- [Problem to work on] Would you repeat, exactly as given, the line with "this 1481×1316 image." and every line after it to the end of the entries?

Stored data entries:
============

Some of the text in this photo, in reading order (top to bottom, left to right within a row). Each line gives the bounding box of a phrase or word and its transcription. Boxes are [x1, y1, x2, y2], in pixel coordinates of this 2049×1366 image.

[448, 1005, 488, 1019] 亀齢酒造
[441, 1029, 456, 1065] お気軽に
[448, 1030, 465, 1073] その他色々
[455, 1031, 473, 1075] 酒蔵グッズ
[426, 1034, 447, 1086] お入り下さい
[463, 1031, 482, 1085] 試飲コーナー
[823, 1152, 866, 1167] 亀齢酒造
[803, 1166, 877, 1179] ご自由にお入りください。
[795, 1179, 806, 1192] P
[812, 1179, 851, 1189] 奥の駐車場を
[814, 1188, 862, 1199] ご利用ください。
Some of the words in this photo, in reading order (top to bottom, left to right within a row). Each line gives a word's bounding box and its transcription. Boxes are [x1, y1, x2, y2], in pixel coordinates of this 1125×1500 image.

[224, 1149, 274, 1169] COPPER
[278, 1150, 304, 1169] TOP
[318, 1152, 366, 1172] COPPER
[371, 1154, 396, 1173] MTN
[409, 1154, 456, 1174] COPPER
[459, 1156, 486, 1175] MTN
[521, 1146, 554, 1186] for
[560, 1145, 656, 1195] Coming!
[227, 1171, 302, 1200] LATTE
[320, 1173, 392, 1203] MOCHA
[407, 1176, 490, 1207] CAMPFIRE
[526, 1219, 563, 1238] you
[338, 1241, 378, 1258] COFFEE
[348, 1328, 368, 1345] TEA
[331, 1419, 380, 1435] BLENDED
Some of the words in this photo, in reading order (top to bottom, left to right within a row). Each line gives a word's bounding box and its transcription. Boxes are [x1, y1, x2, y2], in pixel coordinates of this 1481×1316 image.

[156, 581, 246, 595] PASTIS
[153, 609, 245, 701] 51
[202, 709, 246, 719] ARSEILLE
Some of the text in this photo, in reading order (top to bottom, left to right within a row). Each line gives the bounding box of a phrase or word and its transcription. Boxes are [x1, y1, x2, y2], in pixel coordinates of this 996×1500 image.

============

- [Result]
Some of the words in this photo, in reading order (top to bottom, left to right within a row). Each line gives a word's bounding box and its transcription. Boxes are [x1, y1, x2, y2], in pixel coordinates of this 1481×1316 image.

[156, 581, 246, 595] PASTIS
[153, 609, 245, 701] 51
[202, 709, 246, 719] ARSEILLE
Some of the text in this photo, in reading order (top to bottom, left to right within a row). Each line gives the bounding box of a phrase or word and its transcription. Boxes are [x1, y1, x2, y2], in pixel coordinates of this 996×1500 image.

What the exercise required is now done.